To reiterate, maybe for the first time, in which case I suppose it is simply iterate, this is the make up of the Northern Greenway. We'll pick an arbitrary start point that can just as easily be considered the end point if the direction is reversed. We are traveling west to east.
It begins in H. Fletcher Brown Park and from there goes through Brandywine Park, Rockford park, Alapocas Run State Park, Rock Manor Golf Course, Rockwood Museum, an unnamed forest, Bringhurst Woods Park, Bellevue State Park, Cauffiel House Green and Fox Point State Park.
I've walked most of these, some many times, but a few I haven't and I am determined too. This morning it was Fox Point State Park's turn to feel the burn of my feet.
This is a State Park, which means there is a fee in season. The "in season" runs from March 1 through November 30, so I expected to pay $3.00 for the privilege to tread upon this ground. However, there was no toll taker on duty when I arrived a bit past eight this morning. Dereliction of duty means it's a free ride, baby.
There were a couple of cars in the parking lot, but that was all. I parked and began my exploration.
The river here is the Delaware. You can look down on it from my home in the winter after the leaves have fallen.
It's a shipping lane. You can see a barge or ship heading up the river.

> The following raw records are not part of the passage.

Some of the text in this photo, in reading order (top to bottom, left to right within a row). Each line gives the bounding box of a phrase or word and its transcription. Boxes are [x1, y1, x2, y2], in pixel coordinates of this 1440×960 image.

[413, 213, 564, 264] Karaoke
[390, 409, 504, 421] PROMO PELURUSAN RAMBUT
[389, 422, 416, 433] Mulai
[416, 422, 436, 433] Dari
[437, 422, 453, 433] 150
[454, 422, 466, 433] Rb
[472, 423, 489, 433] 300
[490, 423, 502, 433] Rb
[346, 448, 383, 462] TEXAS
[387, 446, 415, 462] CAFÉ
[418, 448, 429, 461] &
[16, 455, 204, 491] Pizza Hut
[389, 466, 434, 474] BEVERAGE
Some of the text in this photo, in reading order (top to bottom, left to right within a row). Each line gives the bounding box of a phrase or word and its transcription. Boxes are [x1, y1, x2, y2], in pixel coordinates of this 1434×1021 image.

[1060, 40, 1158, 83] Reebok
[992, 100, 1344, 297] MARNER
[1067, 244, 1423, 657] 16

The bridge is the Commodore Barry, which comes out of Chester. They say you can see all the way to Philadelphia from this park. You can't make it out here, but I could see distant tall buildings beyond that bridge that could have been the big city.

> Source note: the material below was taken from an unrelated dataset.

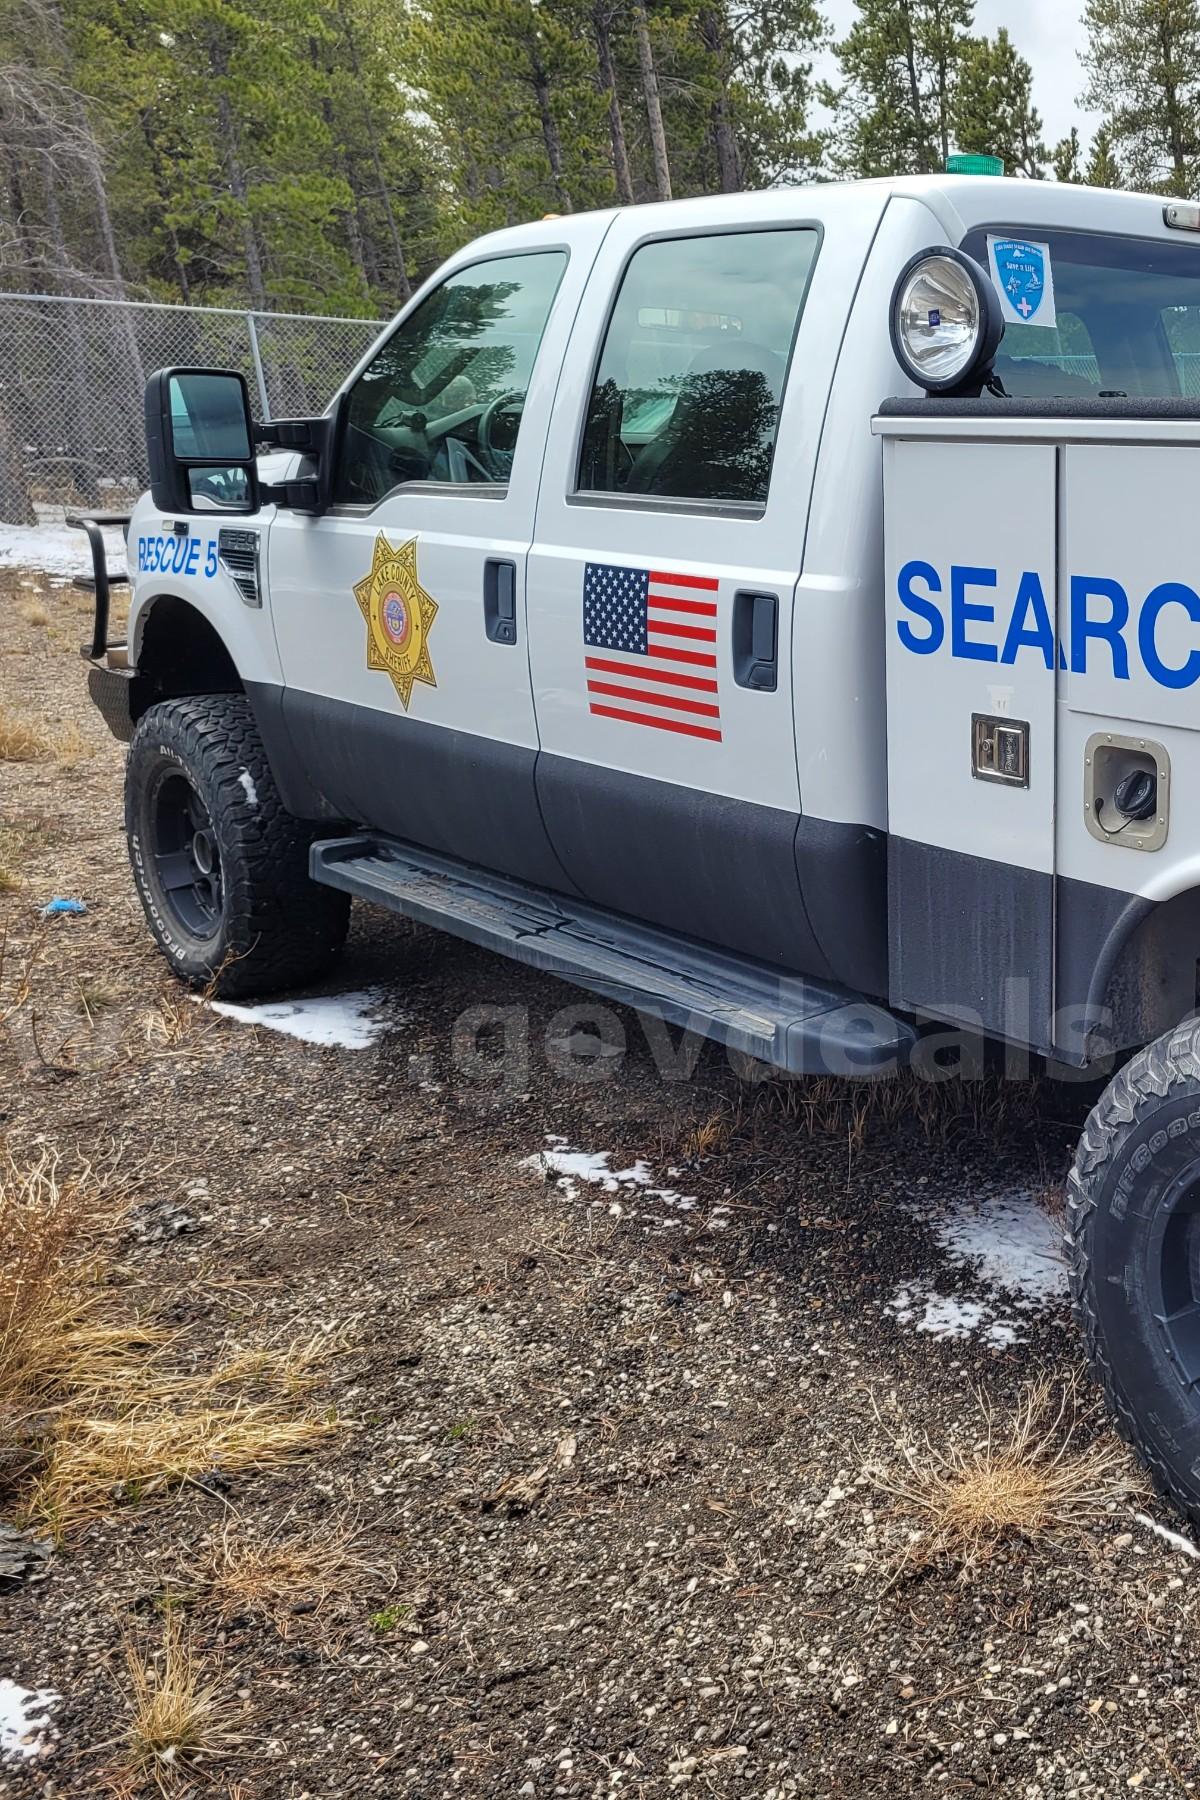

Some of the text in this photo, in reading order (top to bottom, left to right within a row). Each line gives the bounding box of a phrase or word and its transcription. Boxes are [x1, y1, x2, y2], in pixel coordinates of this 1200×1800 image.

I walked the entire trail along the river until the end and then followed its loop back the other way.
And there it goes heading south down to the bay and out to the ocean eventually. With my weak eyesight I was unable to read the ship's name written large across it sterns. I saw no flag of its home port either.
As I came back to the parking lot there was that tanker seemingly sitting atop my car.

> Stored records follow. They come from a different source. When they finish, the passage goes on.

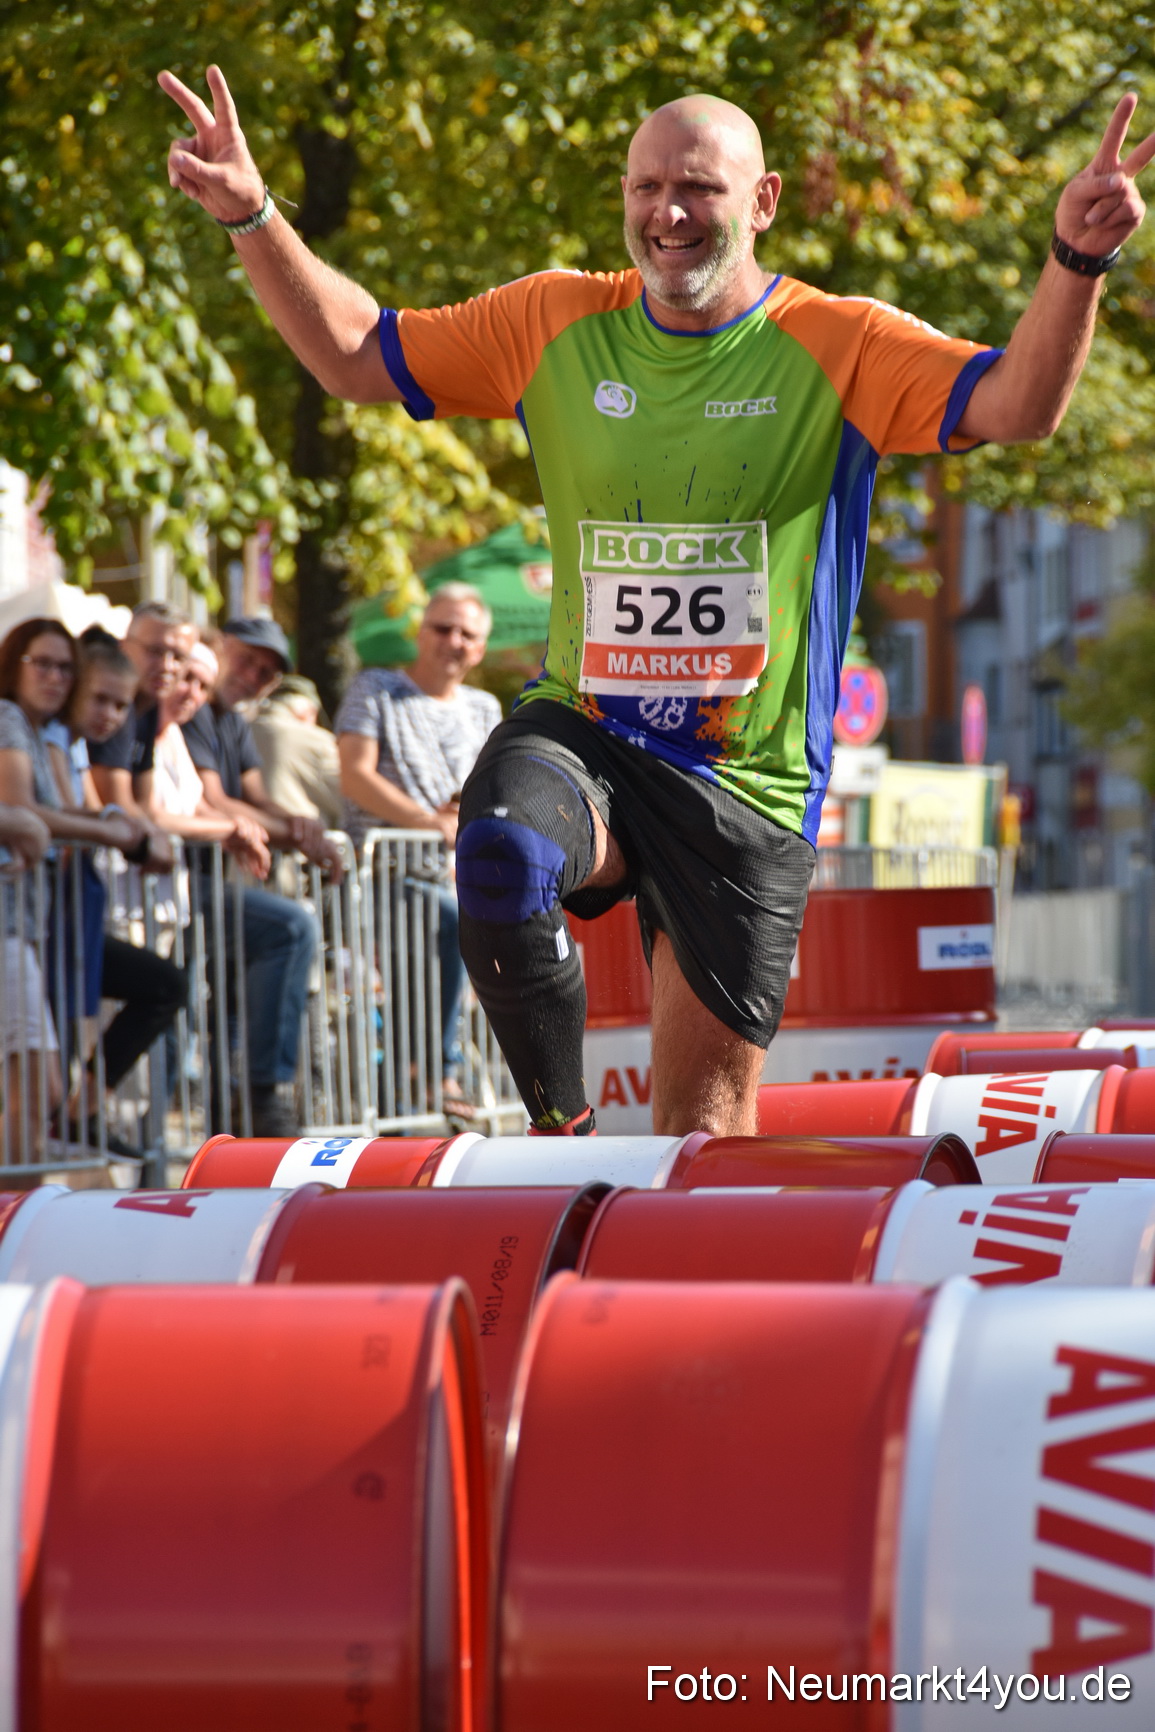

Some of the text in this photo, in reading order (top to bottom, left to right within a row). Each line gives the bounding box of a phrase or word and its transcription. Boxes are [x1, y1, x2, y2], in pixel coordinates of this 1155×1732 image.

[705, 396, 778, 418] BOCK
[594, 530, 749, 569] BOCK
[614, 584, 726, 636] 526
[607, 652, 733, 676] MARKUS
[480, 1236, 519, 1336] M011/08/19
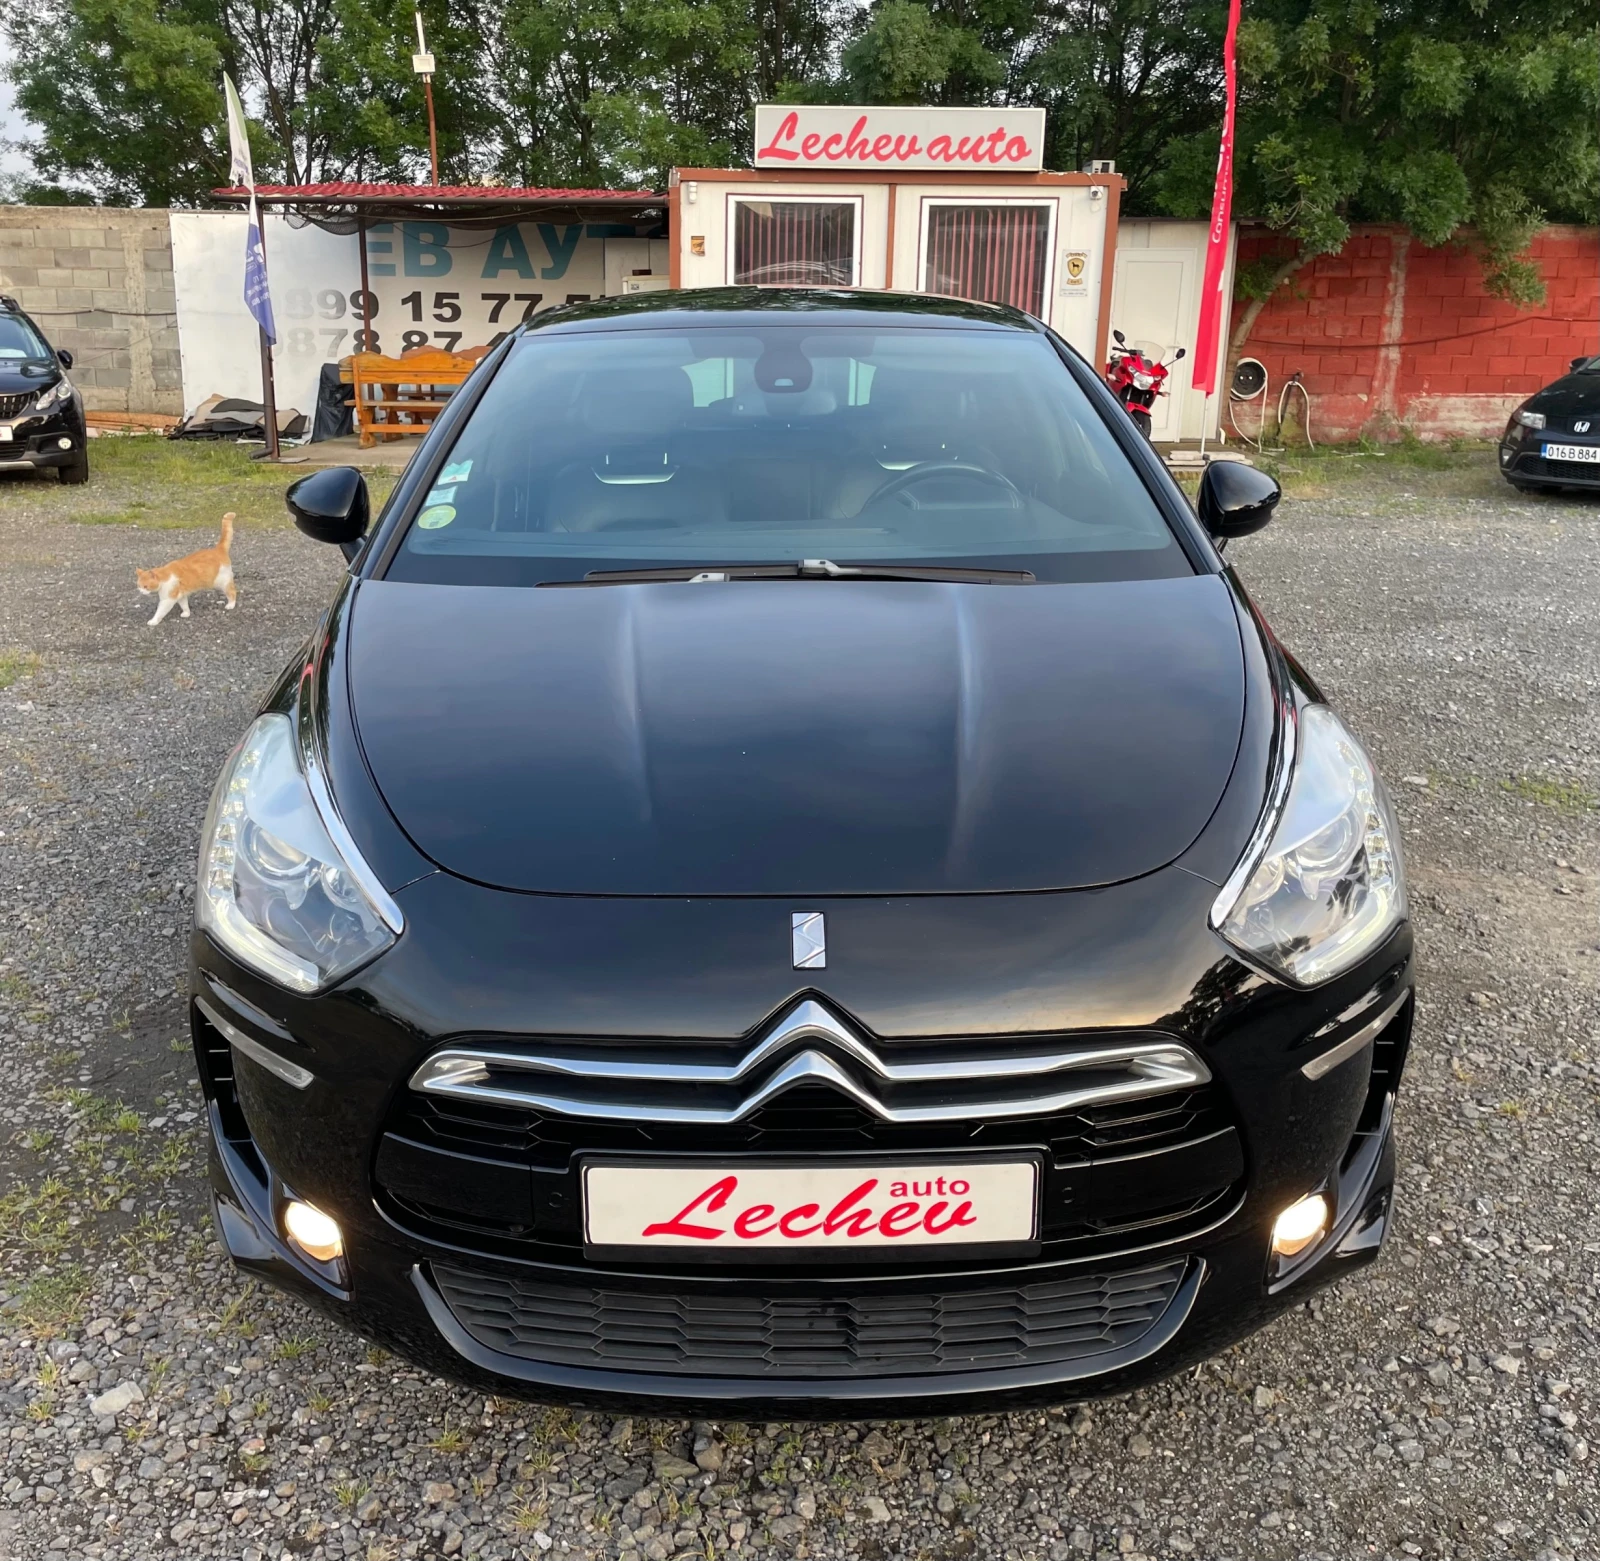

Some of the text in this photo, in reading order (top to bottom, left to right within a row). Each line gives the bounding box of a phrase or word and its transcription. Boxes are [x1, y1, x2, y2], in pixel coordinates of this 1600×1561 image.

[758, 111, 1032, 163] Lechev auto
[481, 223, 668, 280] АУТ
[401, 291, 462, 323] 15
[481, 294, 543, 324] 77
[402, 330, 463, 353] 87
[642, 1176, 977, 1240] Lechev
[890, 1176, 970, 1198] auto

Centered here is a pavilion and a picnic area. Later there were a couple having their breakfast on these tables and all I could think was this used to be a toxic waste dump. Yum!
Just beyond is a playground where some sort of mutant creature lurk awaiting the youngsters. (That toxic dump site again!)
Along the way are these outlook stations, some with information boards to tell you what you see. This particular one identified the various vessels that might sail across your vision.
I decided I would follow this path as far as it would go just to see where it ended.
Here seemed to be a marker for the present boundaries of the park, yet I could see the path went further down through a grove of trees. So I kept going, too.
And here is where it ended, leading into the road and then some smoky factory along the river.
Off to the side down here they were dredging and there was some small mill race or something running along side the path.
There was a high fence and a warning sign that the area behind the fence was private property and trespassers would be dredged into the muck or some such thing.
And then a huge trash bin, not toxic I hope, with the words, "Can Do" on the side. Yes, I can do some disparaging political comments here, but I will reframe.
There were some other things along the way, such as these electric grids. This is a very interesting corridor here representing every mode of transportation. On one side of me were the ships going up and down the river.
And to my other side, perhaps hard to catch in this photo except as a line of blue objects in the center, went a speeding train perhaps on the way to Washington. Beyond the train tracks in an Interstate, I-495, and then another main travel road just across it. And as I walked a plane leaving the Philadelphia International Airport flew upward above my head.
Yet despite so much activity of transit about it is a quite oasis to walk your dogs.
Or just stand and contemplate the flow of life.
Or take pleasure in a passing pleasure boat.